This year, there will be a question on the November ballot that would change how the city budget is created. It would allow the city council to change budget items by a majority vote, and create an Office of Participatory Budgeting to allow people to vote on certain budget items. More of us would get a say in how we spend our city’s money.
Currently, councillors can only vote yes or no on the entire budget; they have no power to shift funds within it. Also, there is currently no process for voters in Boston to have direct input on the budget through participatory budgeting, a democratic process in which community members directly decide how to spend a portion of a public budget. This project exists in many other major cities like our neighbors next door in Cambridge, as well as in New York, Seattle, Oakland, and Chicago.

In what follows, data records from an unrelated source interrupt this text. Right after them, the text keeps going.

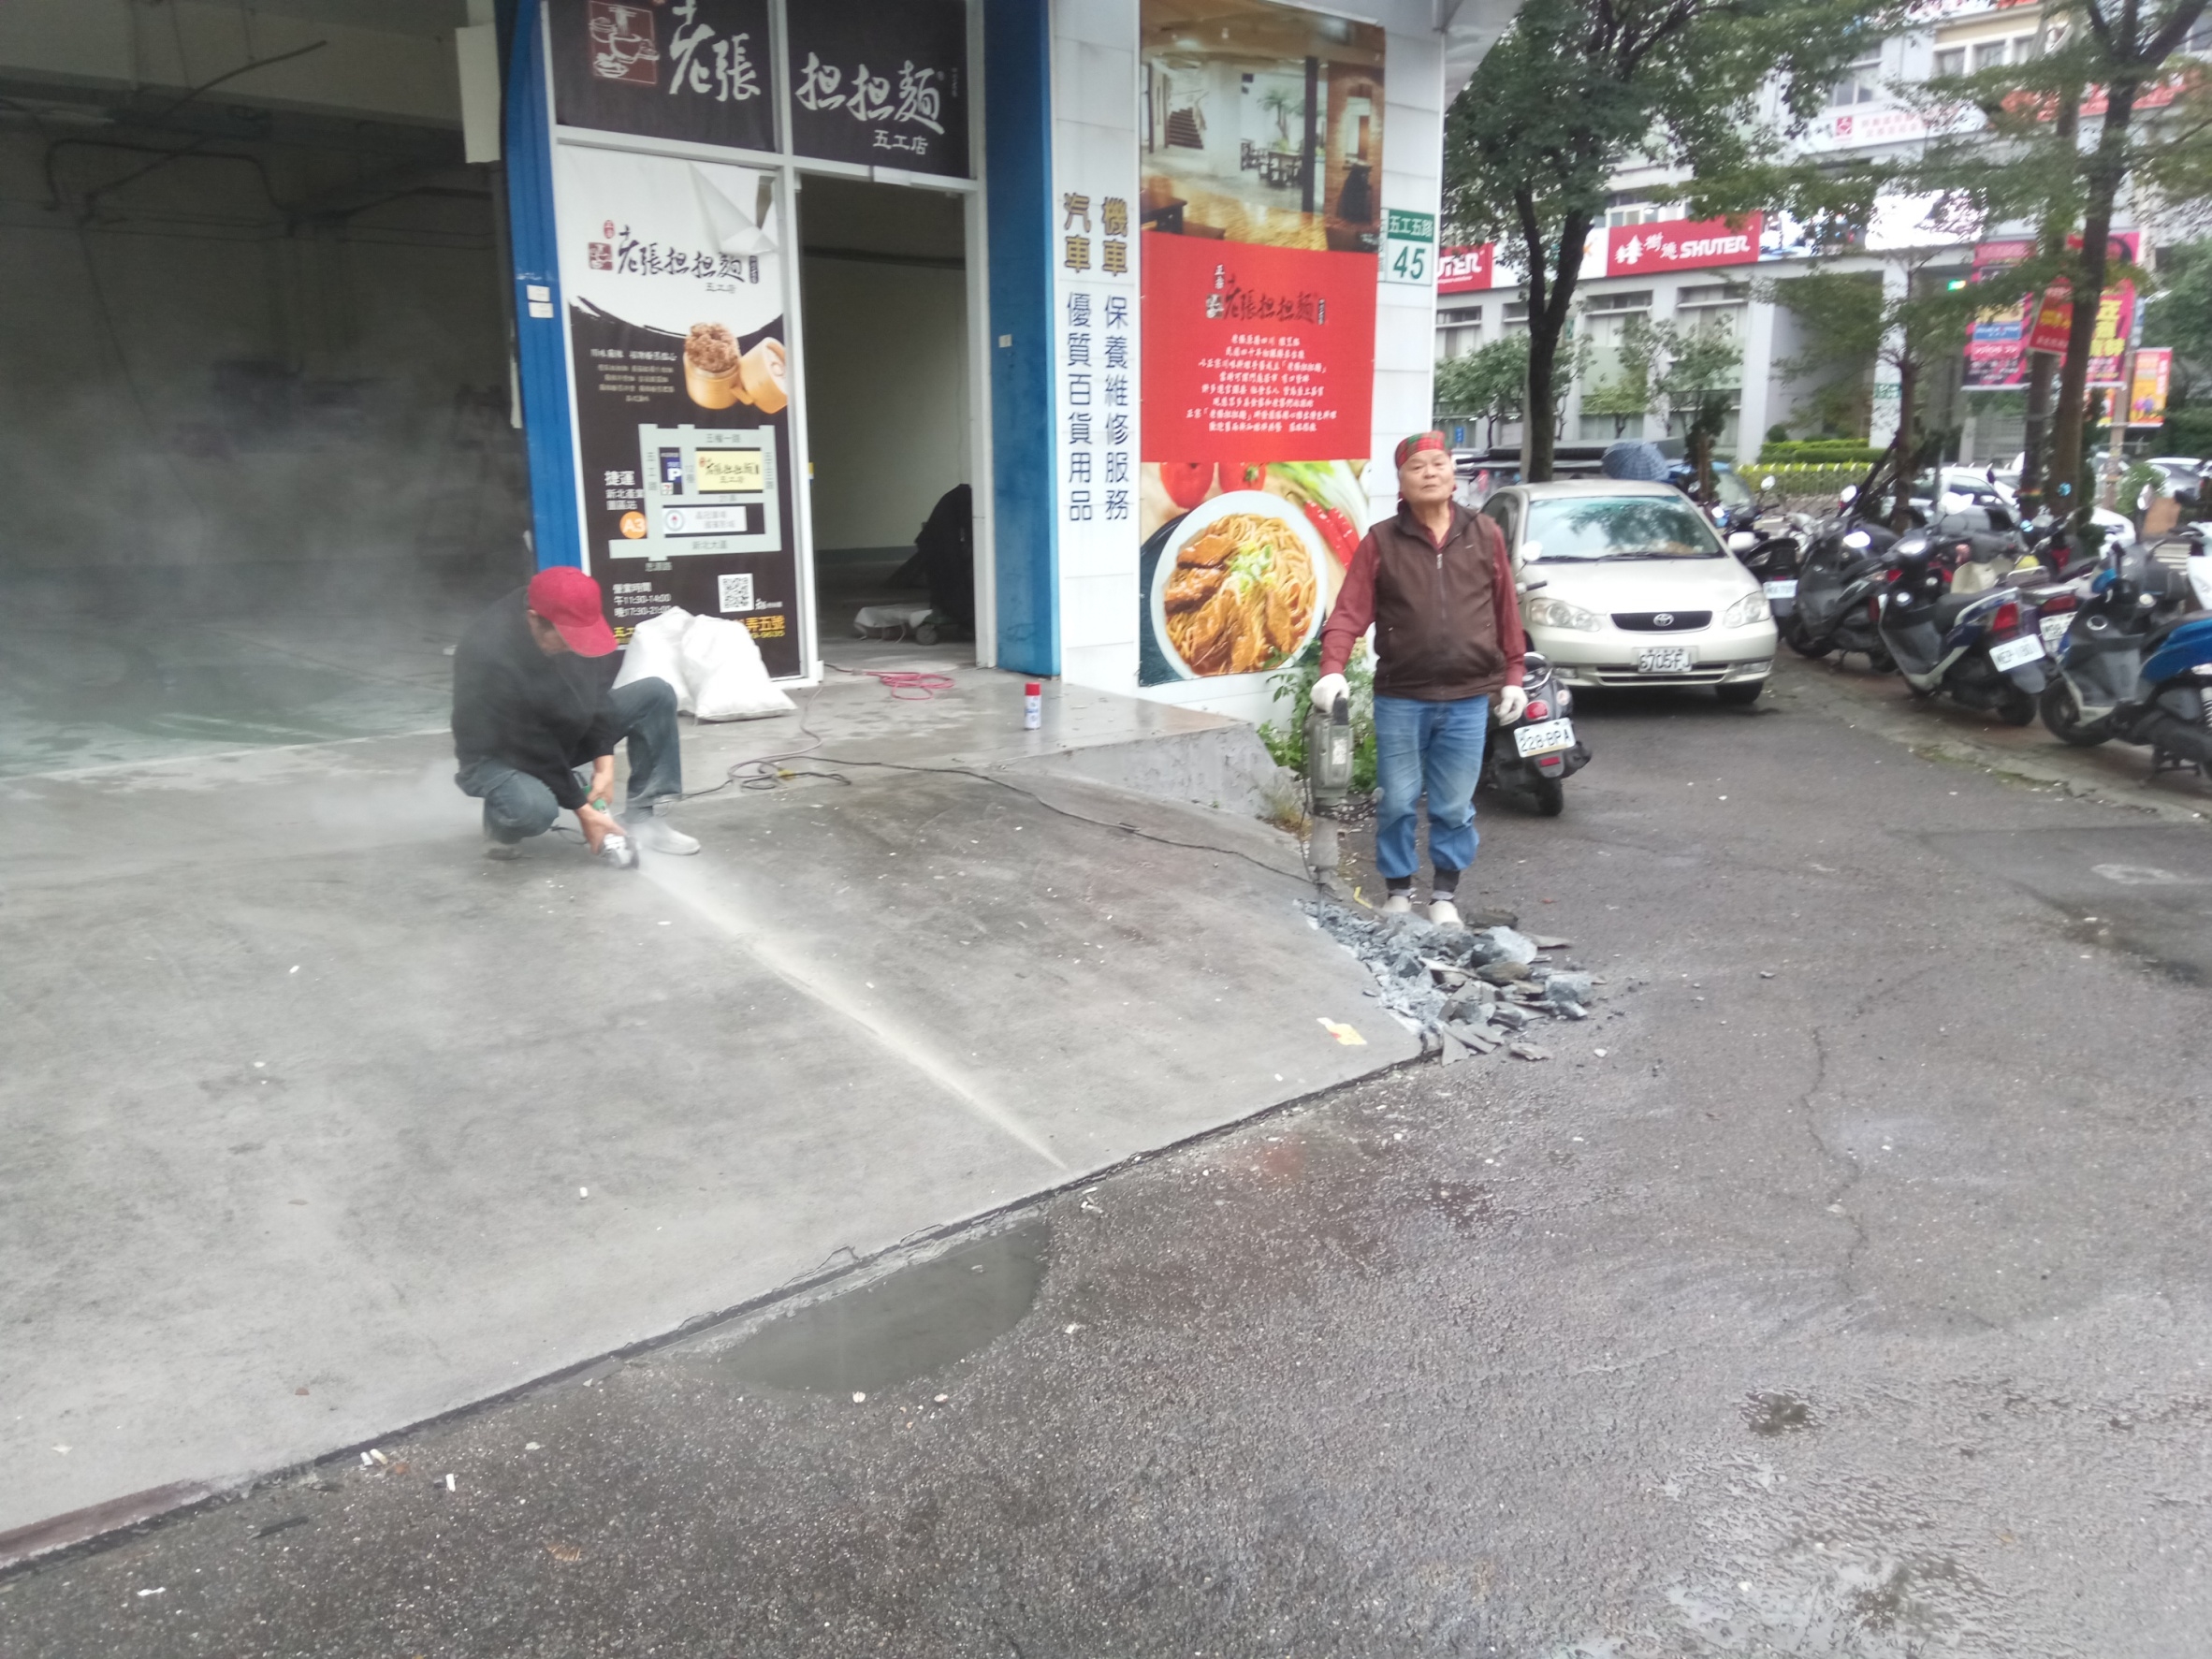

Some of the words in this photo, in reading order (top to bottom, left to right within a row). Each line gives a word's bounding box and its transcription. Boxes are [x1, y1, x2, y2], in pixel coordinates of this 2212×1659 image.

[873, 129, 928, 155] 五工店
[1063, 192, 1092, 274] 汽車
[1101, 196, 1129, 278] 機車
[1389, 214, 1433, 238] 五工五路
[1680, 235, 1751, 259] SHUTER
[1393, 245, 1426, 280] 45
[1067, 291, 1093, 521] 優質百貨用品
[1104, 295, 1129, 521] 保養維修服務
[604, 470, 635, 486] 捷運
[667, 468, 682, 481] P
[622, 517, 647, 532] A3

By voting yes on Question 1 this November, voters will have a chance to amend the City of Boston’s Charter to allow far more voices to influence the budget process, including communities who have historically been excluded from influencing the budget.
This effort – “Yes on 1 for a Better Budget” – is led by a coalition of community organizations, teachers, nurses, faith leaders, environmental groups, small businesses, elected officials, and voters across Boston.

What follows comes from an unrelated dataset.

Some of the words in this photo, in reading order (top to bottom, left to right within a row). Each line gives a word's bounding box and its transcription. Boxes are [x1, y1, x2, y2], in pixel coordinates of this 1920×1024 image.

The changes were approved by every member of the city council, including the two mayoral candidates, so all the people most involved in the budget process agree that these are good changes for Boston. Allowing legislative budget changes is very common, and government bodies from the federal and state governments down to cities and towns work this way, and it works very well.
Having more leaders who are closer to the needs of the communities in the city will ensure that community needs are better met in the budget than by allowing only the mayor to set the priorities. Why vote Yes on 1? Boston needs more affordability, stronger schools, thriving local businesses, and good youth jobs. Yes on 1 would allow us to better achieve these goals by giving local city councillors more input so that every Boston neighborhood is fully included.
Andres Del Castillo is co-director of the group Right to the City Boston.